Pope of Rome · The Warrior-Pope · Patron of the Sistine Ceiling

1443 — 1513

7 min read

Portrait of Pope Julius II

Portrait of Pope Julius II

Il Papa Terribile

He was a pope who wore armor. In 1506, at the age of sixty-three, Giuliano della Rovere rode at the head of his own army through the mud of the Romagna, breastplate over his cassock, to take the city of Bologna by force. Contemporaries did not know what to call it — the Vicar of Christ leading cavalry, cursing his engineers, sleeping in the field — and settled on a phrase that stuck for five centuries: il papa terribile, the Terrible One. It was not an insult but awe. Julius II frightened everyone around him because he wanted things on a scale no one else could imagine, and would spend armies, treasuries, and the patience of geniuses to get them.

Della Rovere (1443–1513) had waited thirty years for the tiara. As a cardinal, nephew of Pope Sixtus IV, he had watched it pass to his mortal enemy Rodrigo Borgia — Alexander VI — and spent years in bitter French exile while the Borgias carved the Papal States into a private duchy for Alexander's son Cesare Borgia. When Alexander died in 1503, della Rovere seized the throne and took the name Julius — not for a saint, but for Julius Caesar. He would not merely occupy the papacy; he would make it an empire again.
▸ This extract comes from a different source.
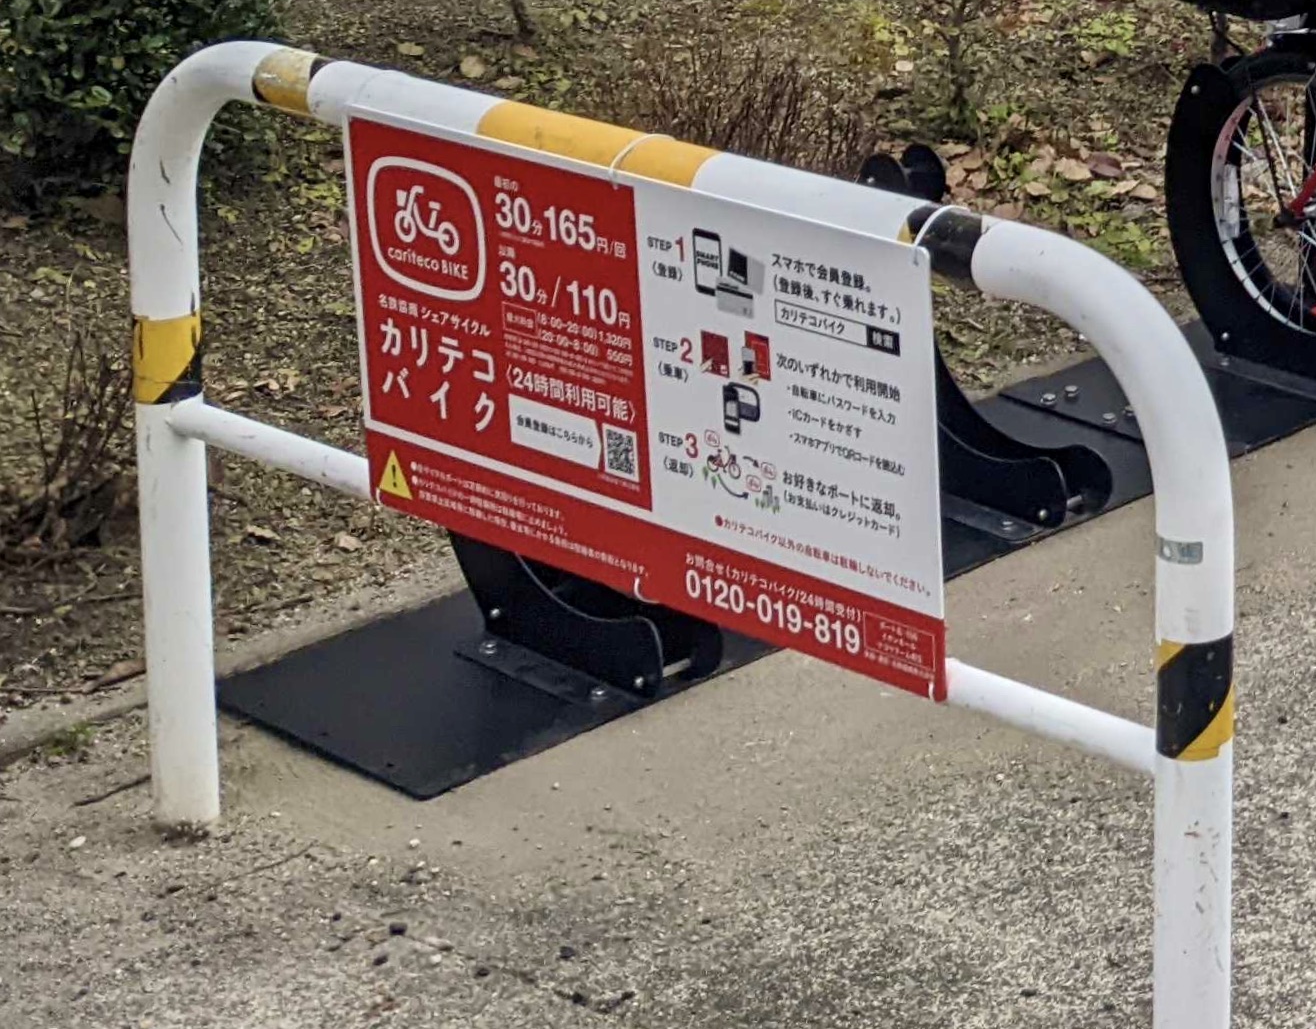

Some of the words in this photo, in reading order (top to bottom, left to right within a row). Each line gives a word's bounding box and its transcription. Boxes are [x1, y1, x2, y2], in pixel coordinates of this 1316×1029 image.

And he did. In ten furious years he broke the Borgias, reconquered the Papal States, fought Venice and then France in person, and simultaneously commissioned the most ambitious program of art in the history of the West. The warrior and the patron were the same man pursuing the same vision, and that vision is the key to him: a restored, magnificent, independent Rome, capital of a reborn golden age.

Julius is the ENTJ as empire-builder: Te that commanded armies and marshaled the greatest artists alive as instruments of a single Ni vision — not to administer the papacy he inherited, but to remake what a pope, and a city, could be.
Te

The Pope Who Rode to War
Te — dominant

Dominant Te bends the external world toward a result, and no pope bent harder. Julius took the throne to find the Papal States dismembered — the Borgias had turned the Church's territories into Cesare's duchy, and Venice and the great families had helped themselves to the rest. His response was not negotiation but reconquest. He first outmaneuvered Cesare Borgia, stripped him of his fortresses, and shattered the power he had hated all his life; then he went after everyone else, personally leading the 1506 campaign that recovered Perugia and Bologna, riding in armor and directing the siege lines himself. A pope behaving as a field commander scandalized Christendom; Julius did not care. Results were the only currency he recognized.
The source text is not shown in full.